I recently encountered a disk failure, for which I got a replacement disk, and successfully replaced the disk as well as completed the resilvering process. I was able to use the raidz2 without issues via samba, but then went to clear the errors as zfs prompted me to, and the command "froze" and had no output. I let it be over the night, and as it was still showing nothing in the morning, I terminated the command, which still didn't do anything, so I just closed down my putty ssh connection to it. After then, I was unable to access the data, import or import the pool no matter what i tried.
The system is on ubuntu(host name UBUNTU-SERVER-KVM), and I have another virtual ubuntu installed on it(host name ubuntu-server) which usually accesses the zfs via samba shares (I never figured out how to have it directly accessible in the virtual machines also). I suspect I may have done part of the zfs work on the main ubuntu-kvm, and part of it on the virtual ubuntu installation. I fear this caused my issues, and I'm unable to import the pool in any way. The ubuntu-kvm machine's zpool.cache show the "old" pool setup, with the dead drive and not the new one.
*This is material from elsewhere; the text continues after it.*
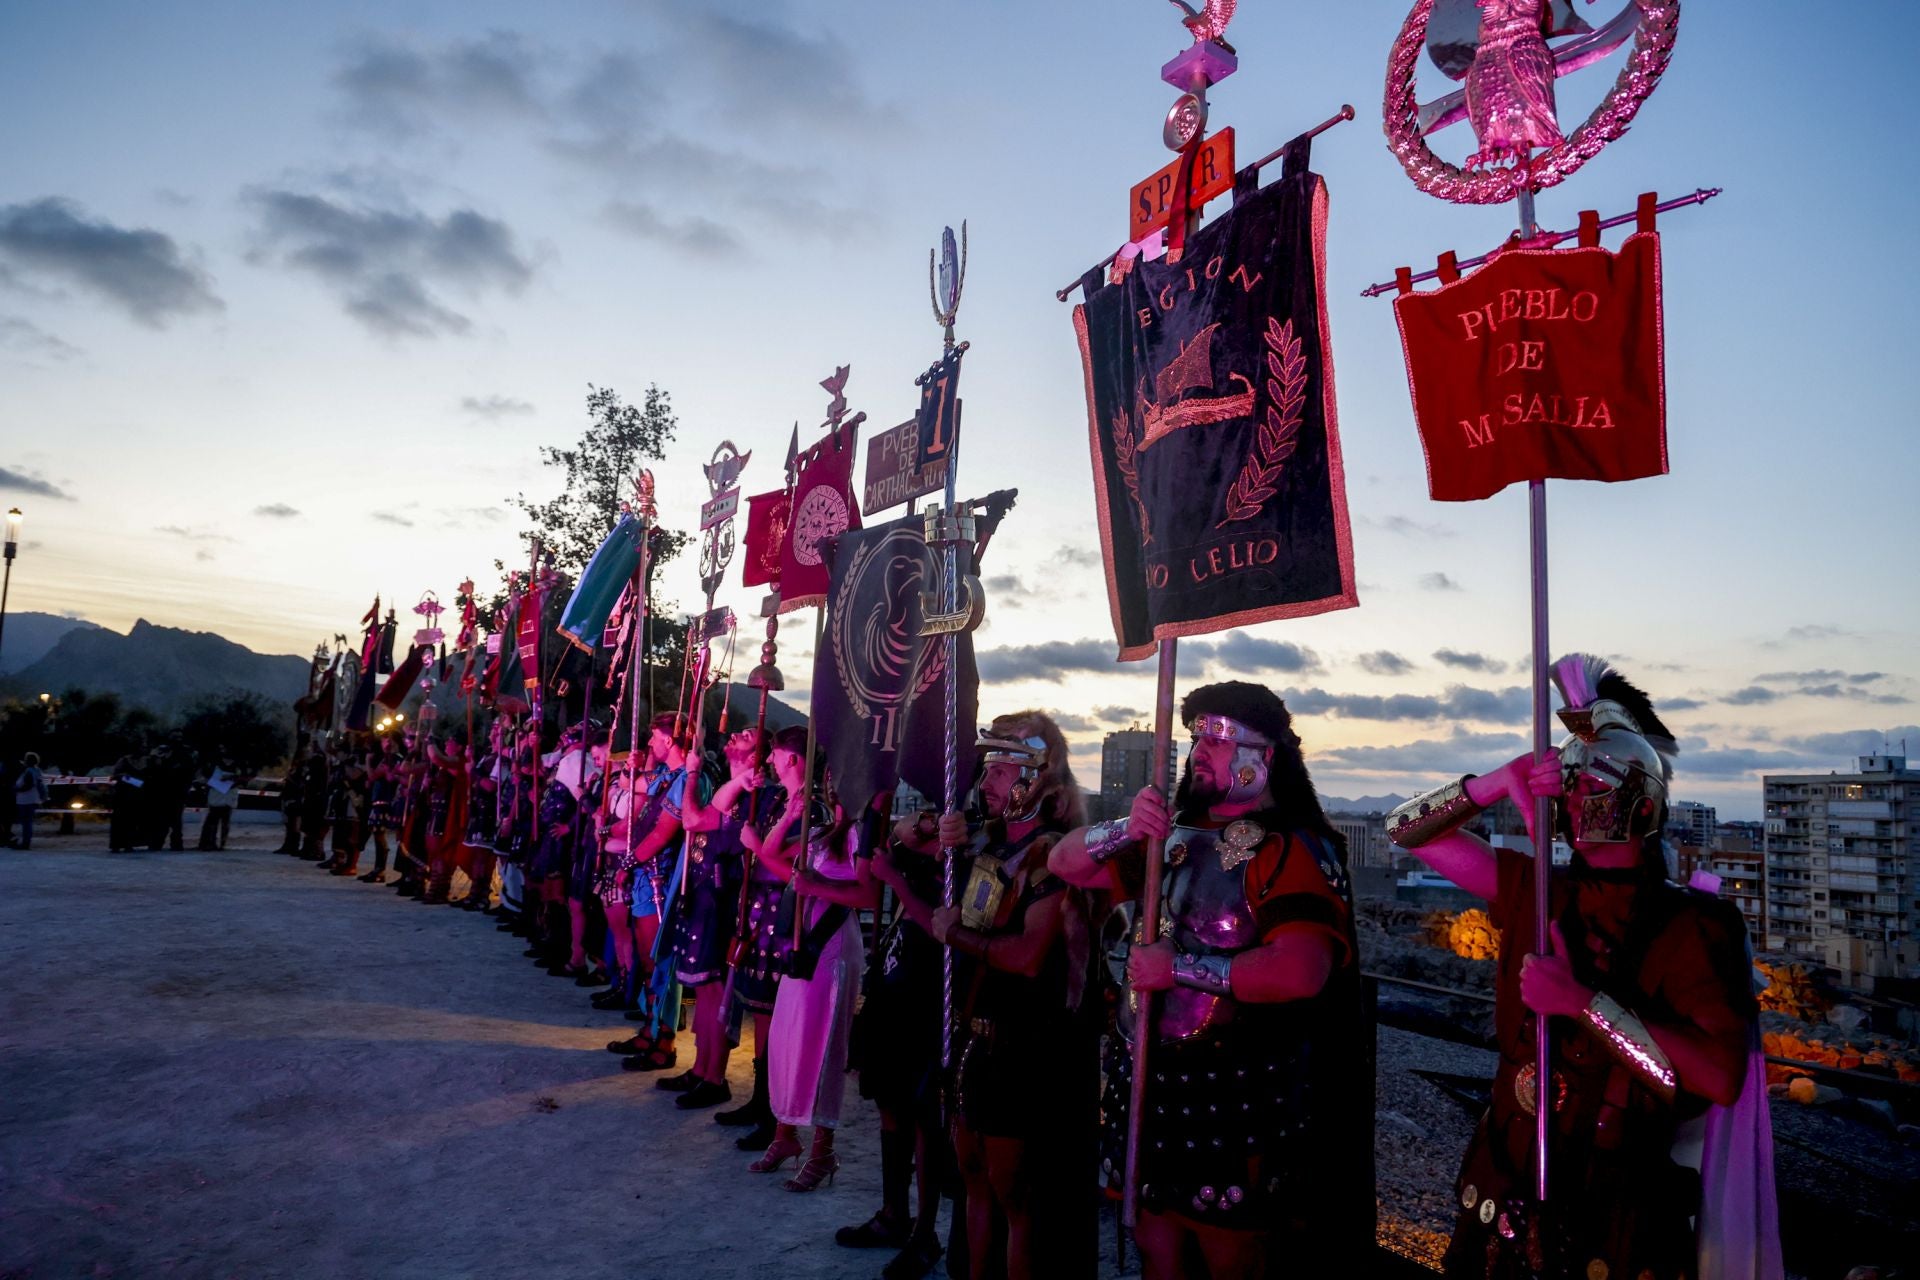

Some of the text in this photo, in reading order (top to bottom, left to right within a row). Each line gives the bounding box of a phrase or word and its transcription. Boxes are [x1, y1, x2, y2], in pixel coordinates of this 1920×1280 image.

Which seems to confirm that I mistakenly did the resilver on the virtual ubuntu machine, instead of the ubuntu-kvm that usually had the zpool.
I have a feeling that if I could somehow correct the paths the pool is trying to import, my data would still be there as the resilvering process completed and I was able to access it previously. The virtual ubuntu refers the its drives as "/dev/vd*" and the ubuntu-kvm hosting the virtual machine shows them as "/dev/sd*".
Anyone has any ideas what I can do next to recover the data? Yes, I do have the most critical parts backed up in the cloud, but there are plenty of other things lost that I'd much rather they weren't :)
Here's some info that's hopefully helpful:
import attempts
user@UBUNTU-SERVER-KVM ~> sudo zpool import
pool: tank
id: 3866261861707315207
state: FAULTED
status: One or more devices were being resilvered.
action: The pool cannot be imported due to damaged devices or data.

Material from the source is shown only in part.